— Requirement —
The records below must be written out exactly, with every picture left behind.

— Information given —
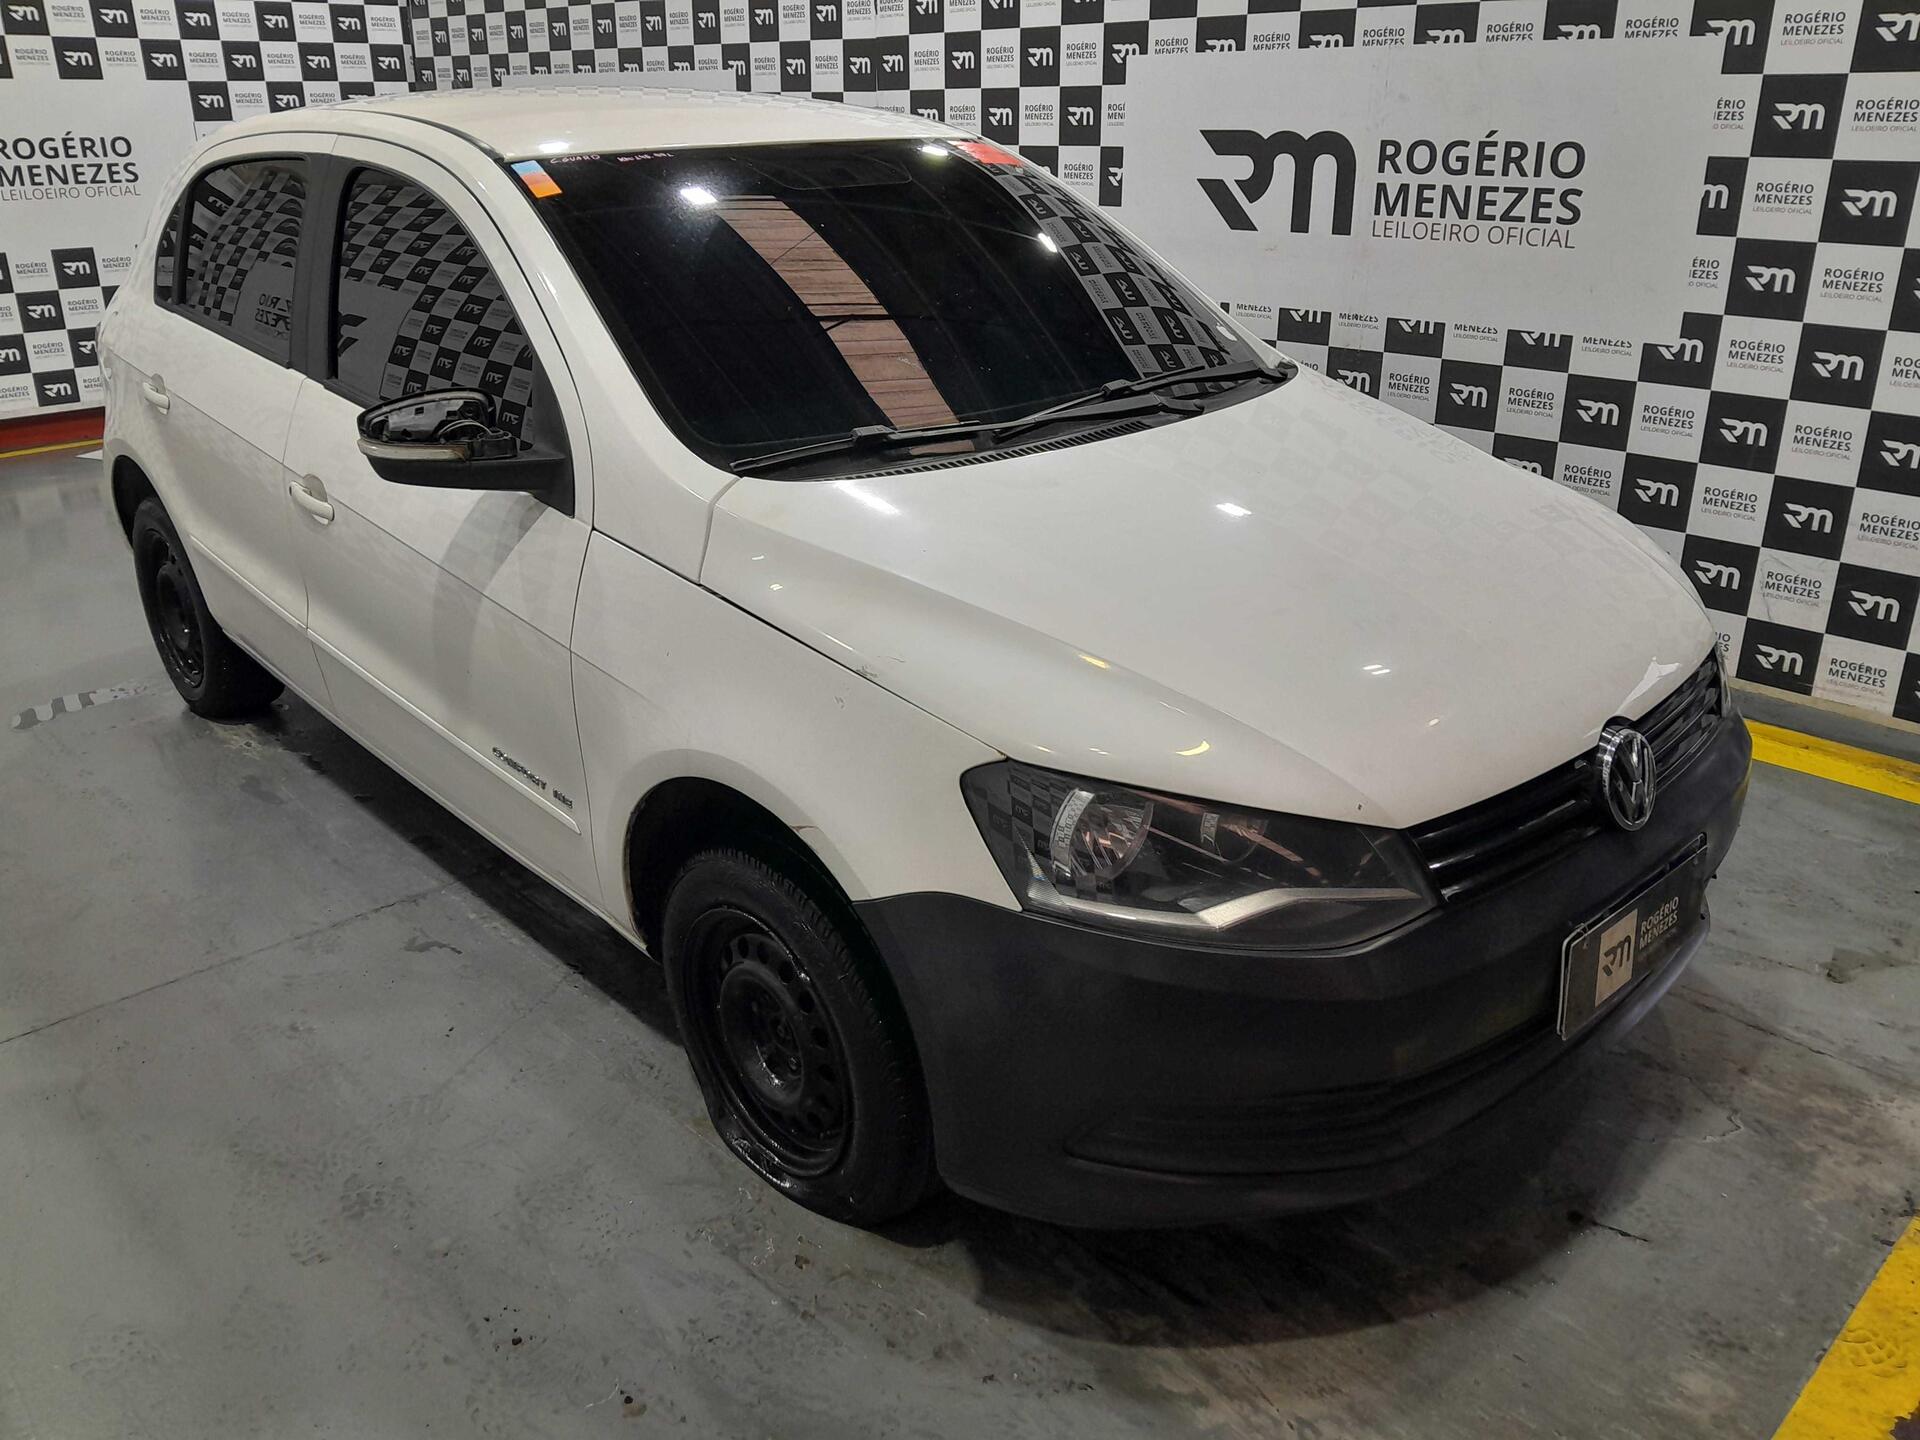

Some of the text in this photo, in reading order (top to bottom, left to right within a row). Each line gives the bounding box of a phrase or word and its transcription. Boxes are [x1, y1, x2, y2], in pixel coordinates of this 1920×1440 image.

[724, 7, 745, 15] ROGÉRIO
[782, 3, 806, 11] ROGÉRIO
[724, 14, 745, 22] MENEZES
[783, 10, 806, 19] MENEZES
[1784, 9, 1846, 24] ROGÉRIO
[1487, 21, 1534, 33] ROGÉRIO
[1626, 16, 1679, 29] ROGÉRIO
[1253, 31, 1291, 42] ROGÉRIO
[1363, 25, 1405, 38] ROGÉRIO
[1782, 24, 1845, 36] MENEZES
[1066, 41, 1097, 51] ROGÉRIO
[1155, 36, 1189, 47] ROGÉRIO
[914, 49, 940, 58] ROGÉRIO
[986, 45, 1014, 55] ROGÉRIO
[1066, 50, 1097, 60] MENEZES
[754, 56, 776, 64] ROGÉRIO
[815, 55, 838, 63] ROGÉRIO
[914, 57, 940, 66] MENEZES
[986, 54, 1015, 63] MENEZES
[754, 62, 776, 71] MENEZES
[815, 61, 839, 70] MENEZES
[949, 104, 976, 113] ROGÉRIO
[1025, 102, 1054, 112] ROGÉRIO
[1855, 97, 1920, 111] ROGÉRIO
[950, 112, 976, 121] MENEZES
[1025, 112, 1054, 121] MENEZES
[1853, 111, 1918, 123] MENEZES
[1377, 130, 1586, 179] ROGÉRIO
[1064, 161, 1094, 172] ROGÉRIO
[0, 162, 139, 187] MENEZES
[1064, 170, 1094, 180] MENEZES
[1, 185, 141, 200] LEILOEIRO OFICIAL
[1756, 181, 1814, 194] ROGÉRIO
[1374, 182, 1584, 226] MENEZES
[1754, 193, 1813, 206] MENEZES
[1372, 219, 1576, 249] LEILOEIRO OFICIAL
[16, 267, 48, 275] MENEZES
[1823, 267, 1885, 281] ROGÉRIO
[1822, 279, 1883, 293] MENEZES
[67, 298, 98, 306] ROGÉRIO
[32, 341, 64, 350] ROGÉRIO
[34, 347, 65, 356] MENEZES
[1729, 338, 1786, 354] ROGÉRIO
[1728, 350, 1784, 364] MENEZES
[1389, 372, 1430, 385] ROGÉRIO
[1388, 382, 1430, 395] MENEZES
[1508, 387, 1555, 401] ROGÉRIO
[1507, 397, 1554, 411] MENEZES
[1643, 404, 1695, 420] ROGÉRIO
[1641, 414, 1694, 430] MENEZES
[1795, 424, 1853, 441] ROGÉRIO
[1793, 435, 1851, 451] MENEZES
[1564, 463, 1612, 479] ROGÉRIO
[1562, 473, 1611, 489] MENEZES
[1704, 485, 1758, 503] ROGÉRIO
[1702, 496, 1756, 513] MENEZES
[1862, 512, 1920, 531] ROGÉRIO
[1859, 523, 1919, 542] MENEZES
[1767, 570, 1822, 589] ROGÉRIO
[1765, 581, 1821, 600] MENEZES
[1830, 657, 1888, 678] ROGÉRIO
[1828, 668, 1886, 689] MENEZES
[1640, 896, 1679, 934] ROGÉRIO
[1640, 910, 1678, 949] MENEZES

— Result of this exercise —
Some of the text in this photo, in reading order (top to bottom, left to right within a row). Each line gives the bounding box of a phrase or word and its transcription. Boxes are [x1, y1, x2, y2], in pixel coordinates of this 1920×1440 image.

[724, 7, 745, 15] ROGÉRIO
[782, 3, 806, 11] ROGÉRIO
[724, 14, 745, 22] MENEZES
[783, 10, 806, 19] MENEZES
[1784, 9, 1846, 24] ROGÉRIO
[1487, 21, 1534, 33] ROGÉRIO
[1626, 16, 1679, 29] ROGÉRIO
[1253, 31, 1291, 42] ROGÉRIO
[1363, 25, 1405, 38] ROGÉRIO
[1782, 24, 1845, 36] MENEZES
[1066, 41, 1097, 51] ROGÉRIO
[1155, 36, 1189, 47] ROGÉRIO
[914, 49, 940, 58] ROGÉRIO
[986, 45, 1014, 55] ROGÉRIO
[1066, 50, 1097, 60] MENEZES
[754, 56, 776, 64] ROGÉRIO
[815, 55, 838, 63] ROGÉRIO
[914, 57, 940, 66] MENEZES
[986, 54, 1015, 63] MENEZES
[754, 62, 776, 71] MENEZES
[815, 61, 839, 70] MENEZES
[949, 104, 976, 113] ROGÉRIO
[1025, 102, 1054, 112] ROGÉRIO
[1855, 97, 1920, 111] ROGÉRIO
[950, 112, 976, 121] MENEZES
[1025, 112, 1054, 121] MENEZES
[1853, 111, 1918, 123] MENEZES
[1377, 130, 1586, 179] ROGÉRIO
[1064, 161, 1094, 172] ROGÉRIO
[0, 162, 139, 187] MENEZES
[1064, 170, 1094, 180] MENEZES
[1, 185, 141, 200] LEILOEIRO OFICIAL
[1756, 181, 1814, 194] ROGÉRIO
[1374, 182, 1584, 226] MENEZES
[1754, 193, 1813, 206] MENEZES
[1372, 219, 1576, 249] LEILOEIRO OFICIAL
[16, 267, 48, 275] MENEZES
[1823, 267, 1885, 281] ROGÉRIO
[1822, 279, 1883, 293] MENEZES
[67, 298, 98, 306] ROGÉRIO
[32, 341, 64, 350] ROGÉRIO
[34, 347, 65, 356] MENEZES
[1729, 338, 1786, 354] ROGÉRIO
[1728, 350, 1784, 364] MENEZES
[1389, 372, 1430, 385] ROGÉRIO
[1388, 382, 1430, 395] MENEZES
[1508, 387, 1555, 401] ROGÉRIO
[1507, 397, 1554, 411] MENEZES
[1643, 404, 1695, 420] ROGÉRIO
[1641, 414, 1694, 430] MENEZES
[1795, 424, 1853, 441] ROGÉRIO
[1793, 435, 1851, 451] MENEZES
[1564, 463, 1612, 479] ROGÉRIO
[1562, 473, 1611, 489] MENEZES
[1704, 485, 1758, 503] ROGÉRIO
[1702, 496, 1756, 513] MENEZES
[1862, 512, 1920, 531] ROGÉRIO
[1859, 523, 1919, 542] MENEZES
[1767, 570, 1822, 589] ROGÉRIO
[1765, 581, 1821, 600] MENEZES
[1830, 657, 1888, 678] ROGÉRIO
[1828, 668, 1886, 689] MENEZES
[1640, 896, 1679, 934] ROGÉRIO
[1640, 910, 1678, 949] MENEZES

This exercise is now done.